A 50-unit association with multiple buildings had a fire in Building Five in December of 2018. The interior and exterior repairs were estimated at about $1.4 million. Insurance proceeds were only $933,000, meaning there were insufficient proceeds of about $500,000 to make the needed repairs. The board voted not to obtain a loan to cover the short fall. As a result, one of the unit owners filed suit alleging, among other things, breach of fiduciary duty and violation of the applicable statute and governing documents by “failing to maintain the requisite insurance coverage.” The unit owner ought summary judgment and argued the association was required to promptly repair his unit and the building. The association argued it only had to insure the building exterior and that the condominium documents were ambiguous.
The trial court partially granted the unit owner’s motion for summary judgment finding that the association’s failure to purchase insurance sufficient to cover at least 80% of the replacement value of the building was a violation of the governing documents and the statute.
Appellate Court Decision
The court of appeals affirmed the trial court and found that the documents are not ambiguous, and that the Declaration clearly provides “that the insurance will cover both the Condominium Units and Common Property.” The court then held “that by the express terms of the Declaration, [the association] was required to procure insurance sufficient to cover 80 percent of the ‘building,’ including the interior … units…”

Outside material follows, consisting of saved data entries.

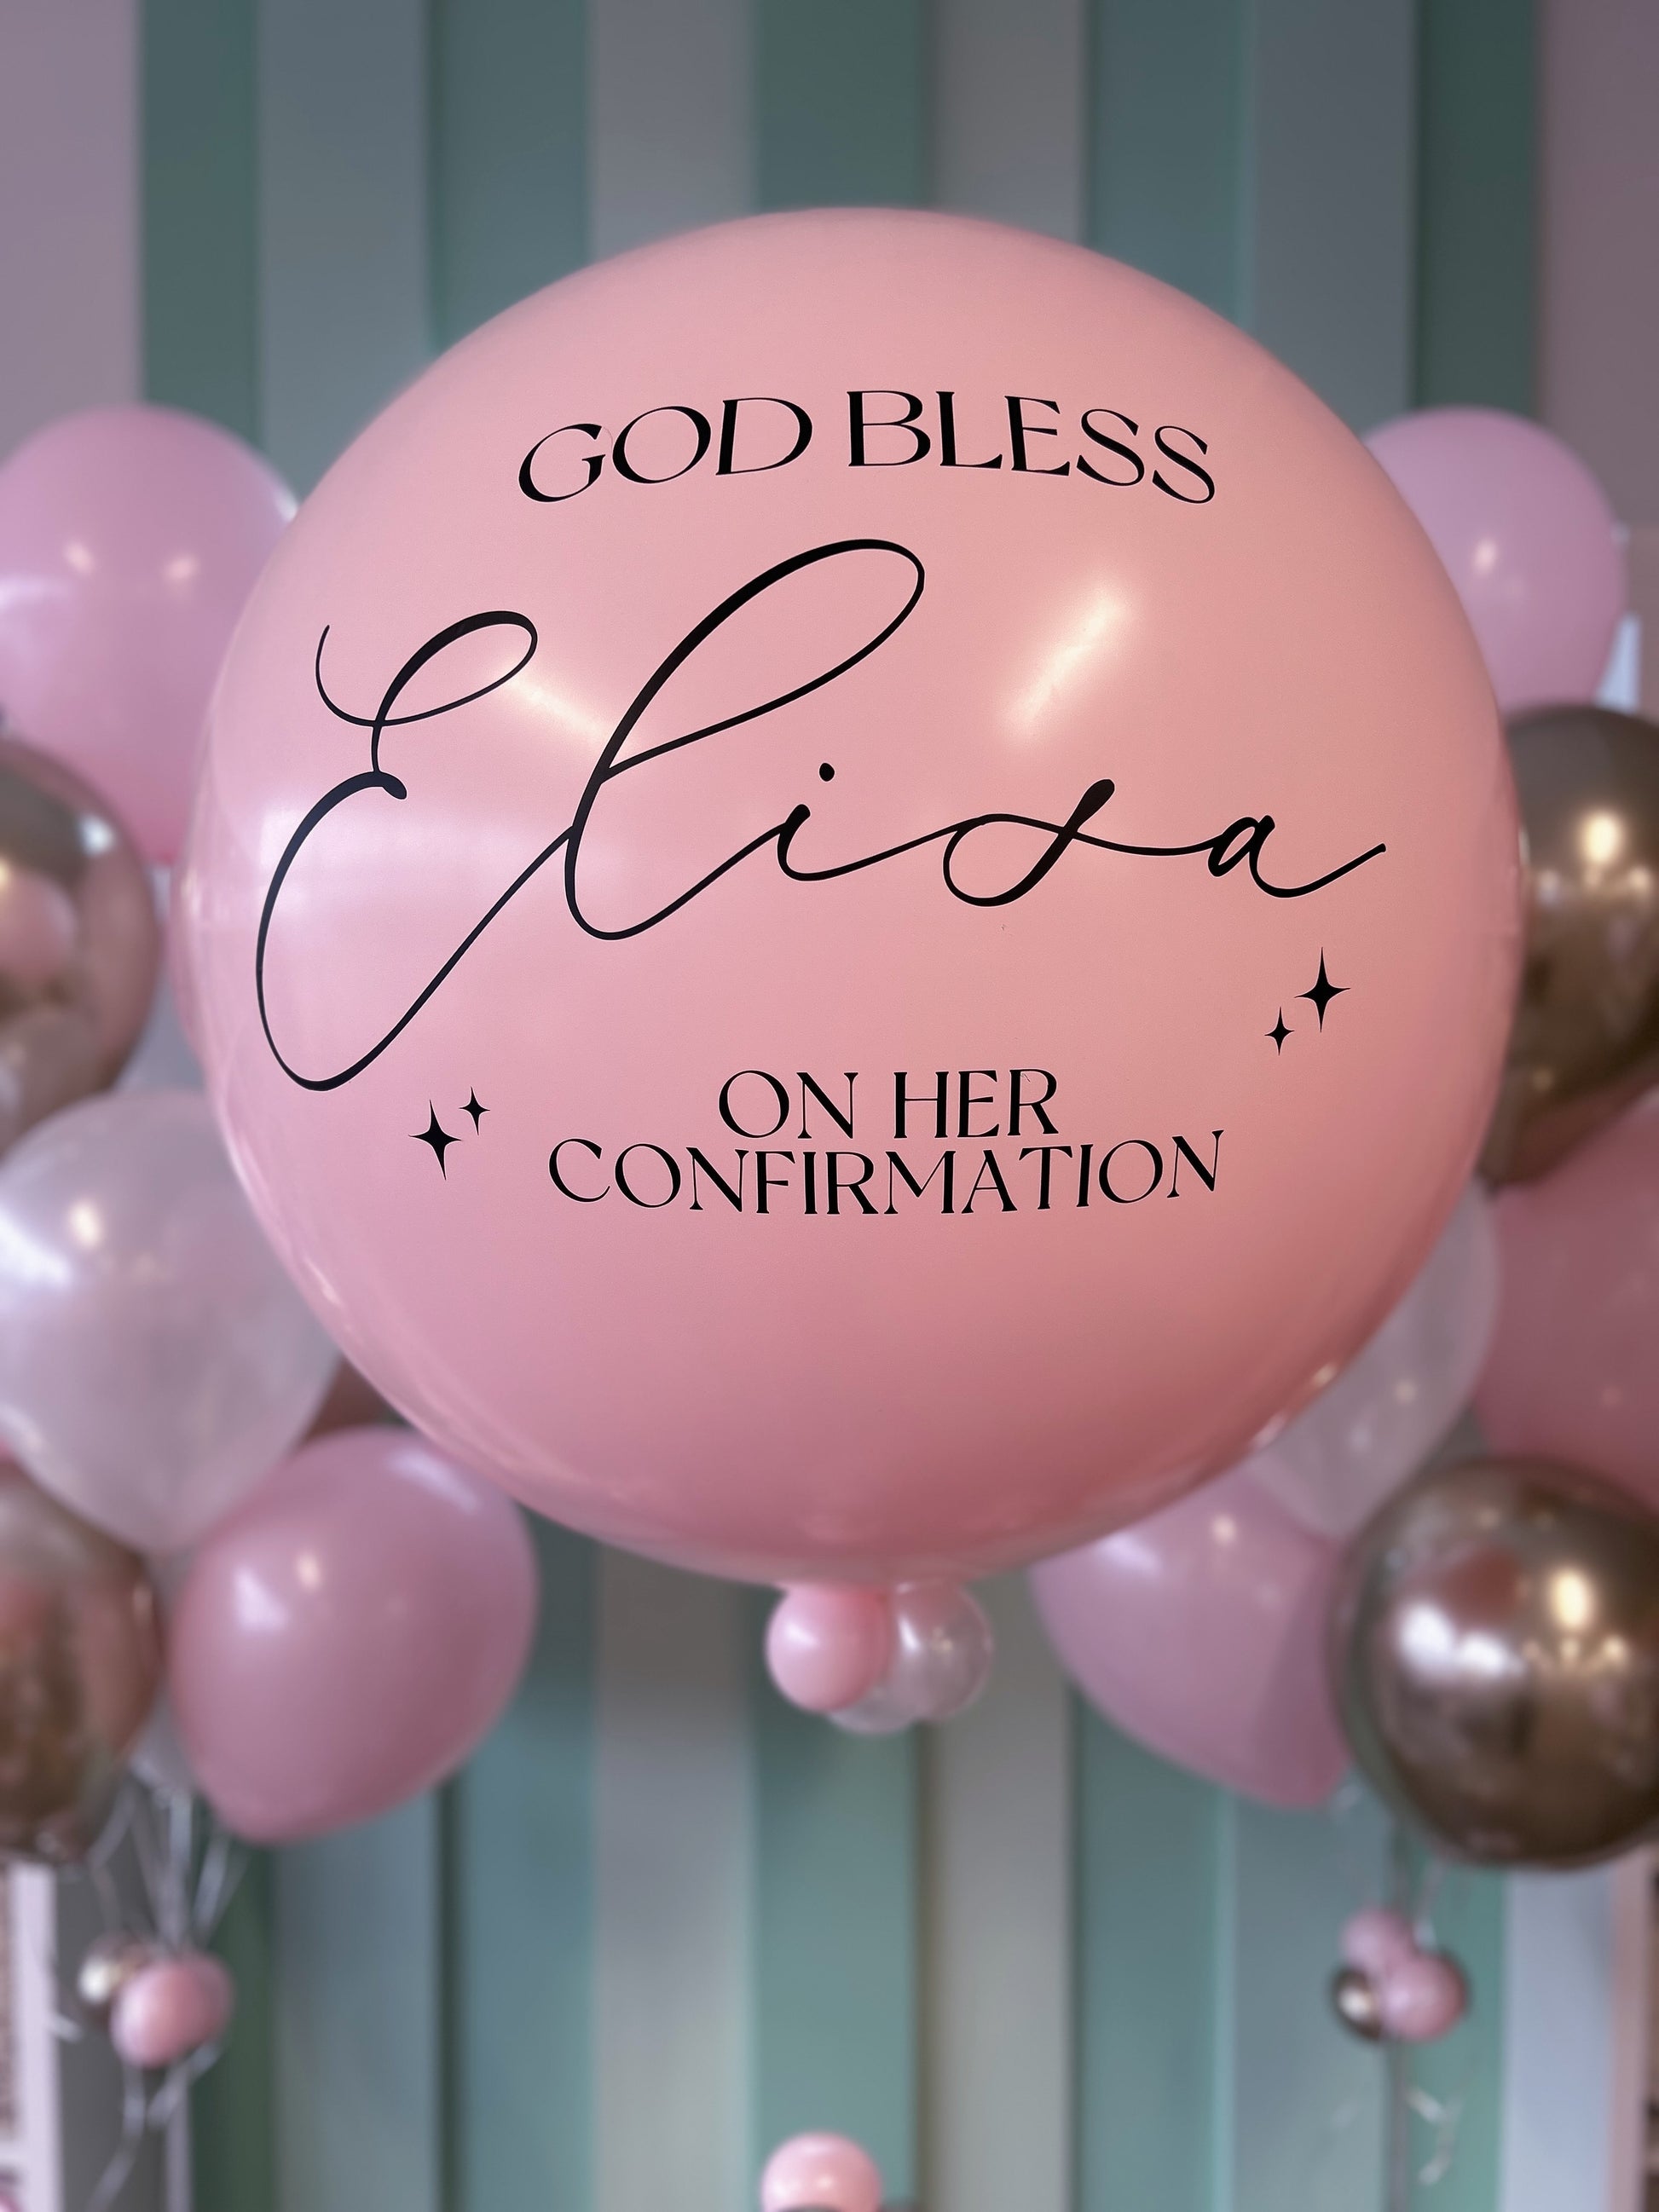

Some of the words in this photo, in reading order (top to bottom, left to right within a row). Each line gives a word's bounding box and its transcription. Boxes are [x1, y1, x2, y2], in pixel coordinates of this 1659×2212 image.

[518, 397, 813, 503] GOD
[846, 390, 1217, 504] BLESS
[256, 539, 1387, 1092] Elisa
[719, 1070, 859, 1140] ON
[893, 1068, 1059, 1139] HER
[548, 1129, 1224, 1215] CONFIRMATION

- If your association has not obtained the insurance it is legally required to obtain, it needs to do so.
- Insurance policy language generally insures only what the condominium documents provide (regardless of what the statute may require), so if your association documents don’t require the association to purchase insurance sufficient to comply with the law, AMEND YOUR DOCUMENTS.

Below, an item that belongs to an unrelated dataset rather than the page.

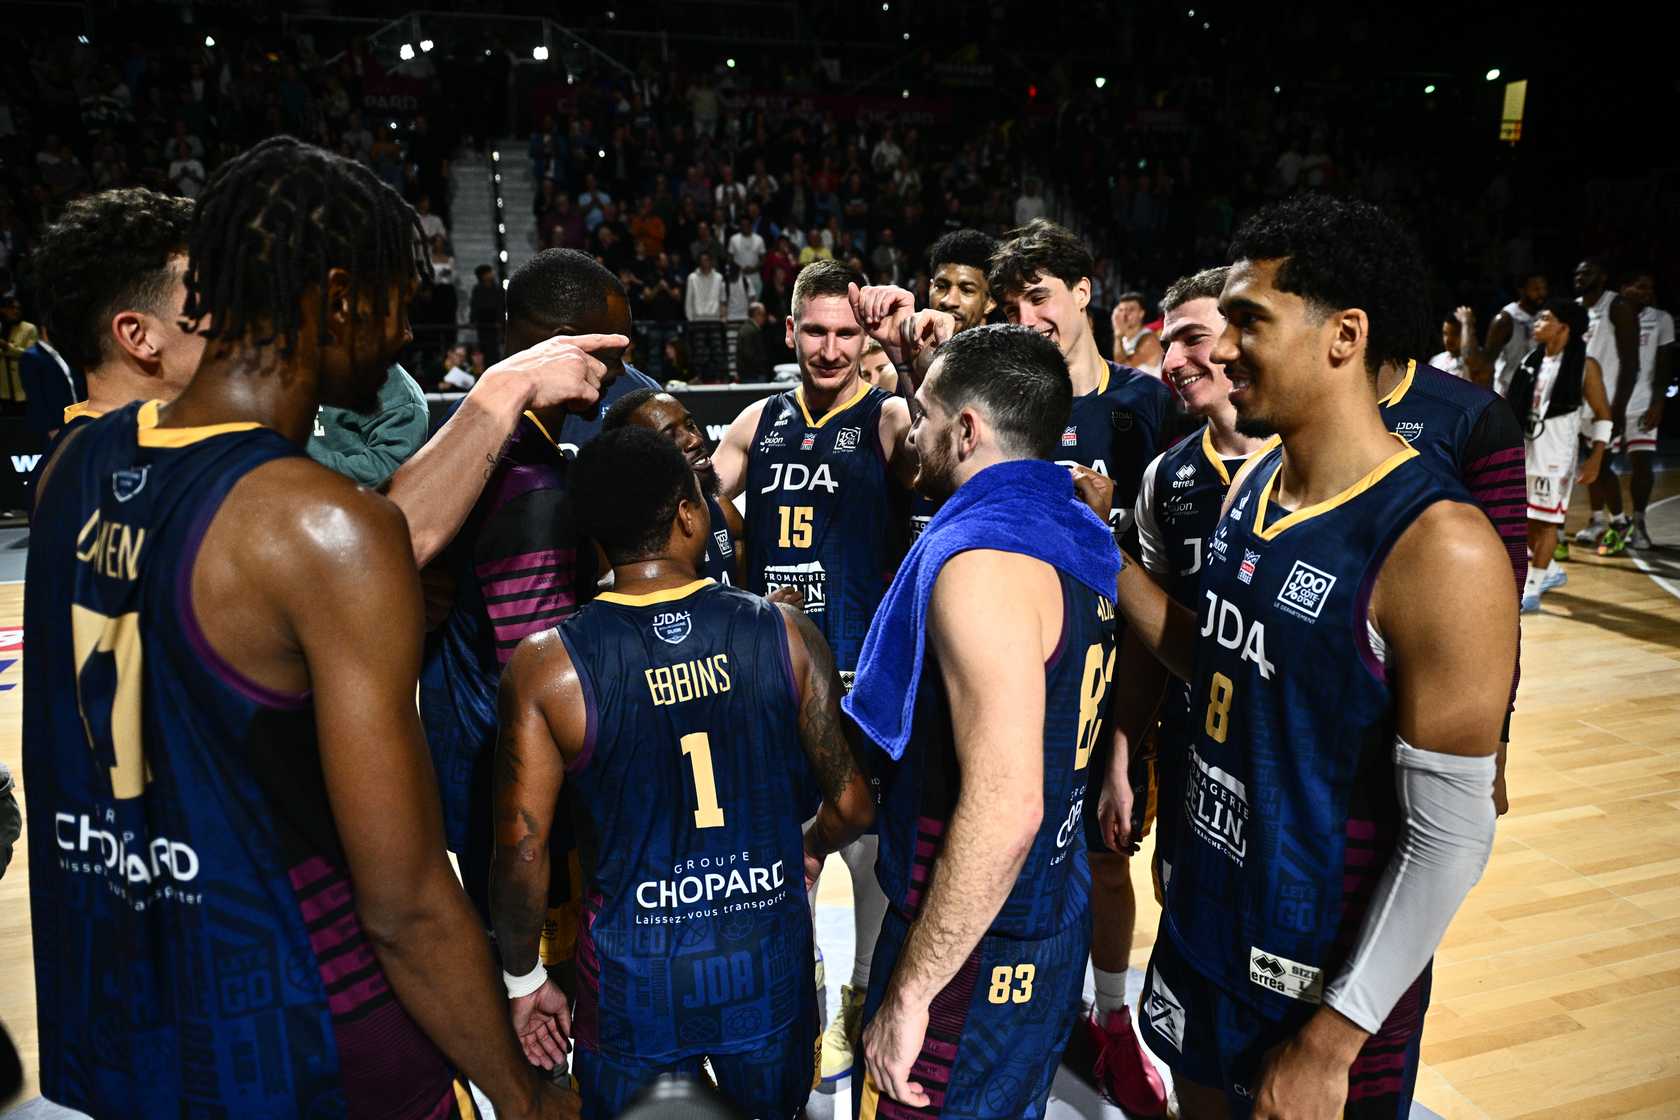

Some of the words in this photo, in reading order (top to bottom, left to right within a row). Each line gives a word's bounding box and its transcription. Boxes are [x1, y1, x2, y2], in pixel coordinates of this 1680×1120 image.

- Paying your lawyer to amend your documents now and then purchasing the insurance you are legally obligated to purchase (in Wisconsin that is 100% of the replacement cost of the common element and units) is far less expensive than any lawsuit that your association and Board Members will be involved in if you didn’t purchase or can’t purchase the insurance you are legally obligated to purchase.
Grooms Property Management, Inc. v. Muirfield Condominium Association, No. COA22-49 (N.C. Ct. App. July 19, 2022)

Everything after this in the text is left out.